[Source material]

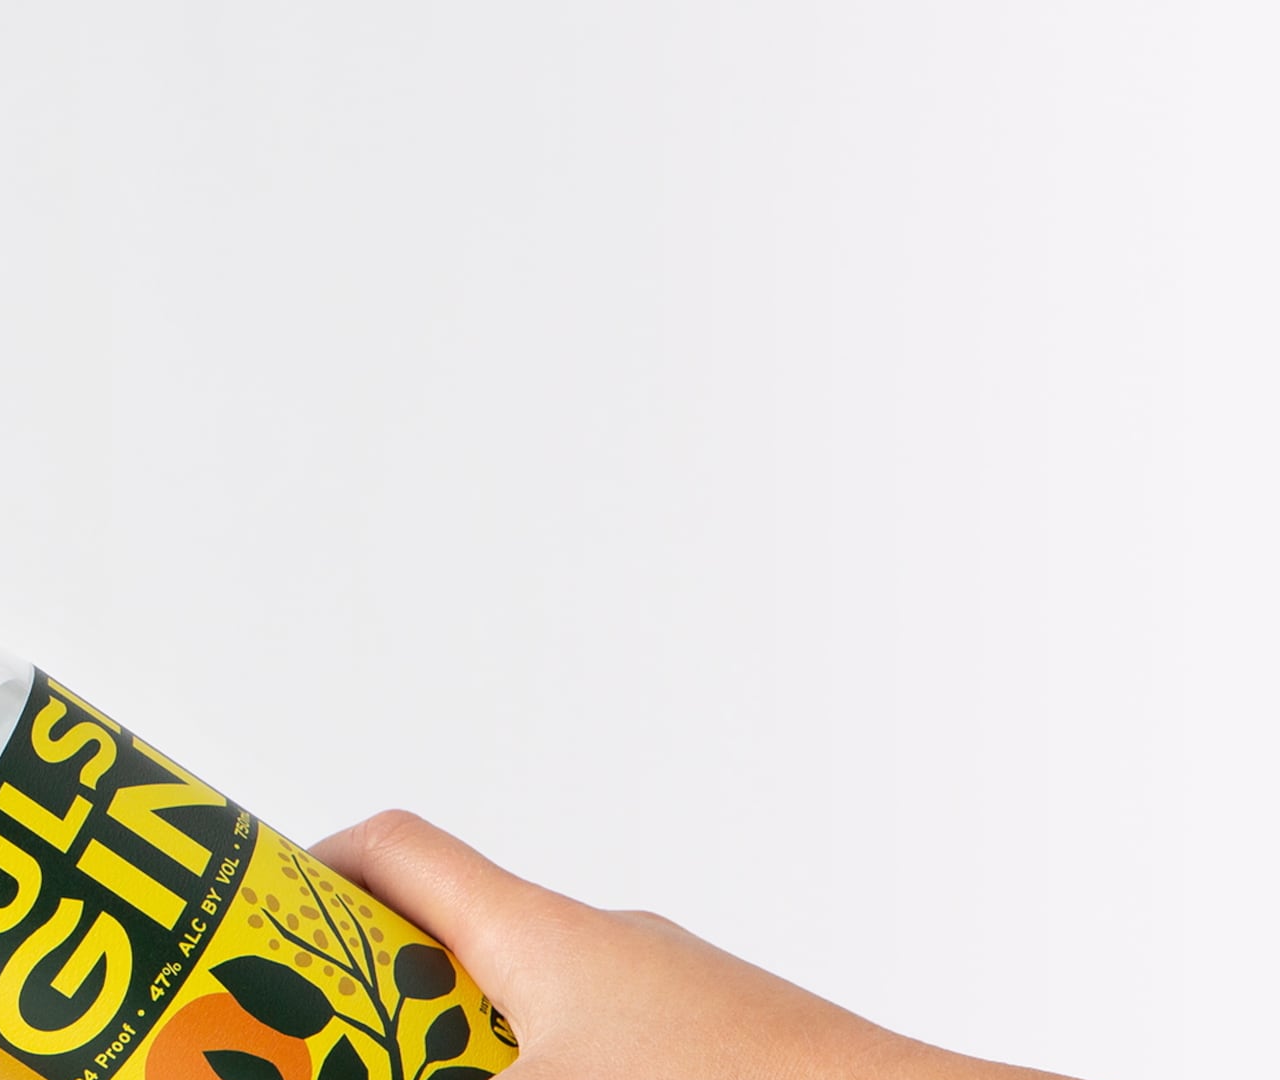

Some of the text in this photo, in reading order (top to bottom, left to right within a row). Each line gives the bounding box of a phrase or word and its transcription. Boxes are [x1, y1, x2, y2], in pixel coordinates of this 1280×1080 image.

[94, 1022, 137, 1069] Proof
[149, 961, 183, 1002] 47%
[178, 917, 208, 957] ALC
[201, 887, 223, 916] BY
[216, 857, 241, 885] VOL

[/Source material]

## Instructions for the task
The whole listing should be retyped word for word; none of its pictures belong in the copy.

## Result of the task
Some of the text in this photo, in reading order (top to bottom, left to right within a row). Each line gives the bounding box of a phrase or word and its transcription. Boxes are [x1, y1, x2, y2], in pixel coordinates of this 1280×1080 image.

[94, 1022, 137, 1069] Proof
[149, 961, 183, 1002] 47%
[178, 917, 208, 957] ALC
[201, 887, 223, 916] BY
[216, 857, 241, 885] VOL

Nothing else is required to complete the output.